Student Speculators? Why our education is one big gamble.
An alternative take on yesterday’s protests.
Another week, another student demo. Yesterday’s protest was part of a larger one organised by the TUC against the deep, annihilating cuts introduced by the current government.
Yes, those malicious, ideologically-driven cuts. Those drastic cuts that will increase government spending from £661bn to £709bn between 2009/10 and 2016/17. But never mind. Try not to scratch past the rhetoric; you’ll only come away empty-handed.
The usual assortment of discontents gathered to offer an ‘alternative’. An alternative which sounds much like the status-quo of unsustainable, debt-fuelled government spending (‘why worry about it today when our children can sort it out?’).
So, I hear you asking, what was the justification for students taking part in yesterday’s march for the ‘alternative’? UCLU Education and Campaigners Officer, Edwin Clifford-Coupe, a regular at such events, offered his own justification: “students are a form of worker, intellectual workers.”
Now, where did he think up such toffee? Of course there are people on campus who are ‘intellectual workers’: lecturers, people doing vocational work etc. But the majority of students are nothing of the sort. Most of us students are consumers – how many ‘workers’ do you know who pay £9,000 per year for the privilege of working?
Without wishing to blow any minds, I’d suggest that students are, in fact, something entirely different. Something that may horrify many of our left-wing comrades. Students are speculators. Yes, students are that great Satan – dare you even utter the word? – speculators.
As students we are all effectively gambling. We are speculating that our investment of time, money, and effort will ultimately, over time, be of a greater (not necessarily monetary) value than when we started. We want that juicy peach at the end of our studies: a degree. It’s something that will hopefully improve our employment prospects. If this is so, why shouldn’t we, as those who directly benefit from this, pay for it, be it now or later on through loans?
Most protesters vehemently demand a ‘free’ education. What they actually mean to say is an education paid for by someone else. They wish to take none of the financial risk of a university education by using other peoples’ money, something which sounds like the behaviour of that modern über-Satan: investment bankers. People who may have never been to university, will never personally receive the benefits of a university education, and who started paying taxes many years before most students do will have to cough-up the dough, so that little darling can spend their first year of university doing strawpedoes, in-between reading a few books.
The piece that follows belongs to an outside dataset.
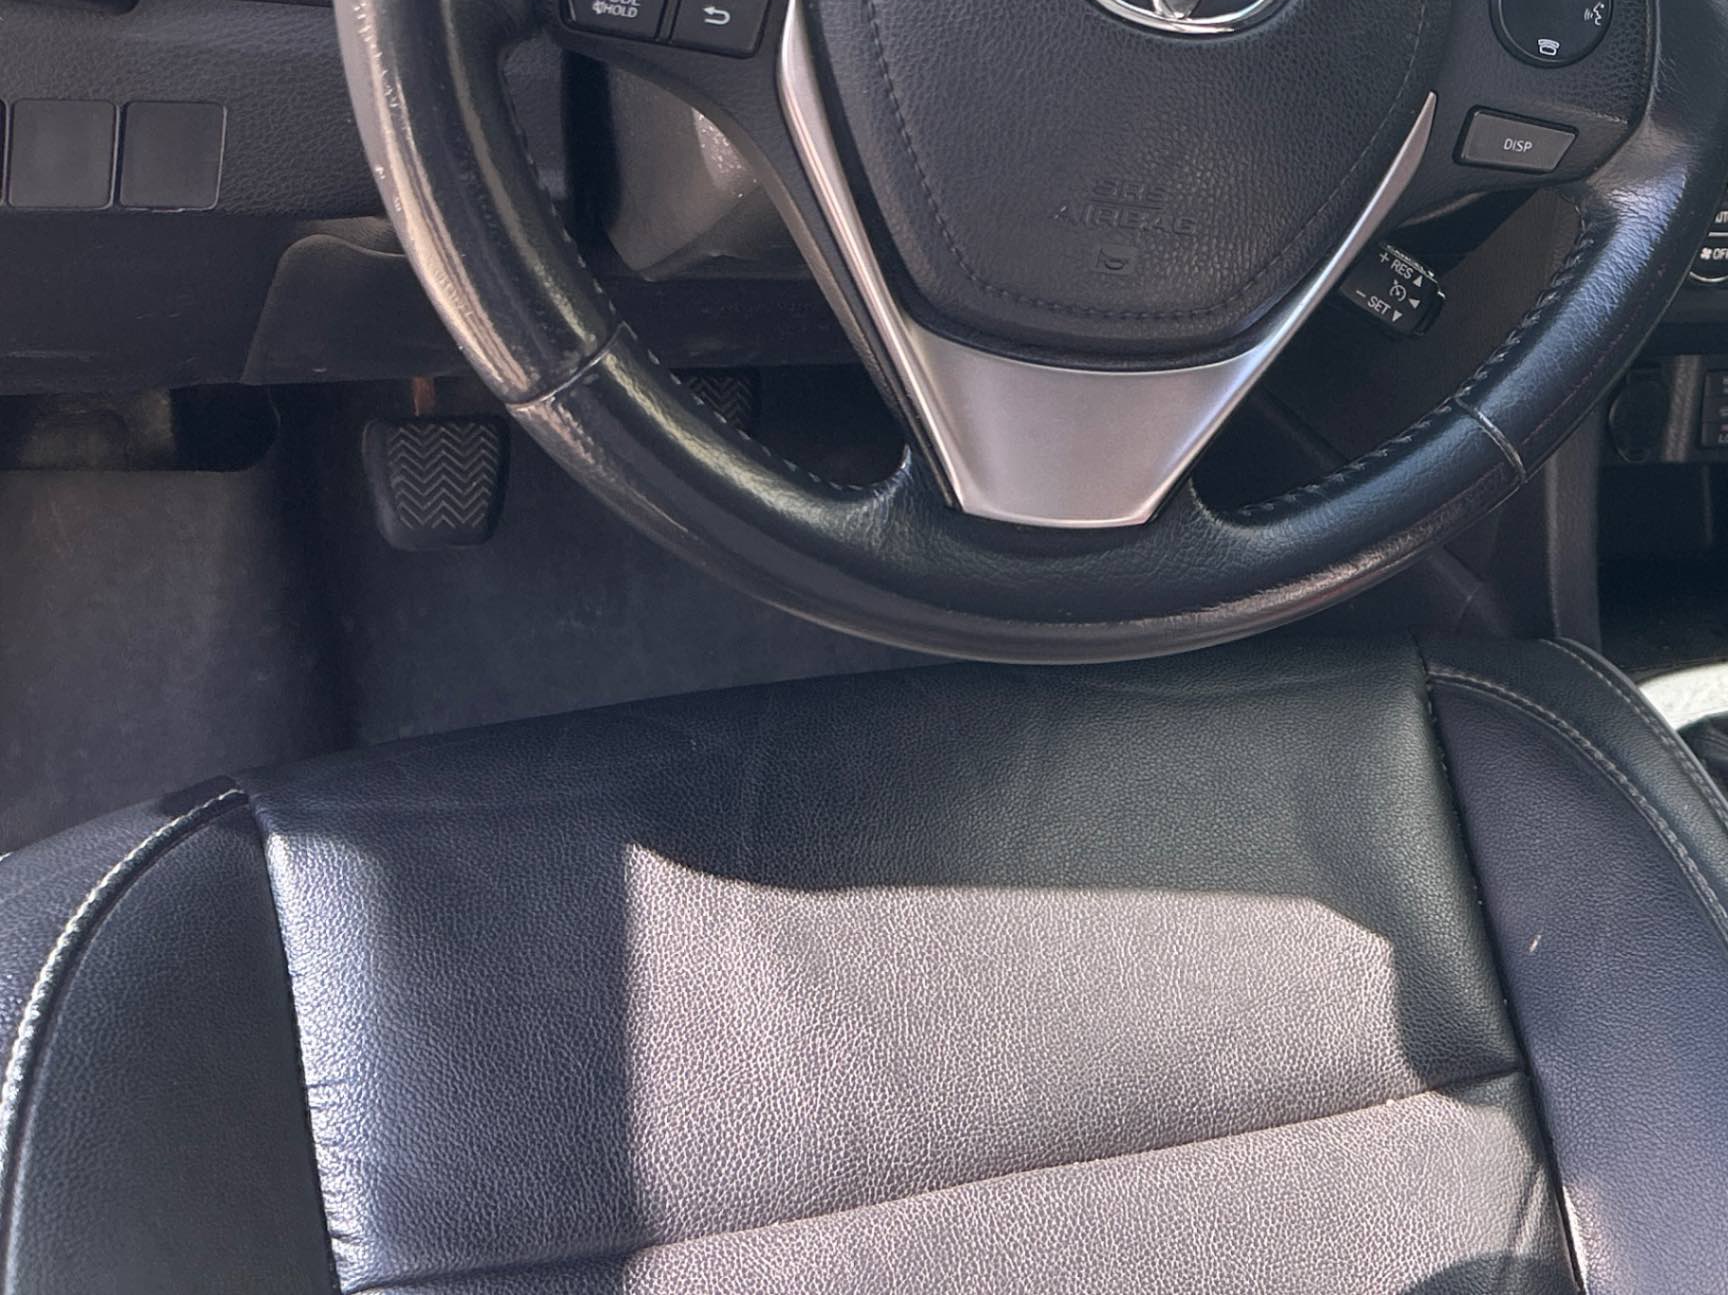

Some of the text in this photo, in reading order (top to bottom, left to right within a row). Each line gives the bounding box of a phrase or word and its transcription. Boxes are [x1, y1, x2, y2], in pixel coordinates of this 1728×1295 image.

But lets not busy ourselves with such notions. It’s far easier to spout low-level, empty inanities about the ‘dangerous ideology of the current government’ – as if there’s even an iota of difference between the main parties – than to actually think about things realistically.
Try and sleep soundly tonight, because the Tory bogeyman is coming to get you. Or so they’d have you believe.
In response to the comments made on my last piece:
As much as I enjoy being described as having ‘extreme right-wing views’, this is a) the most inane form of debate (that of name-calling) and b) utterly irrelevant. No comments dealt with the fundamental fact of the unjustness of one group of students imposing their will regarding a highly-divisive topic on another. Whether it was by a ‘landslide’ doesn’t matter a fig; unless you see the tyranny of the majority as acceptable.
And lastly the idea that I ‘lost’ the vote. Maybe this is a justified accusation, but only because I believe the vote should never have occurred in the first place.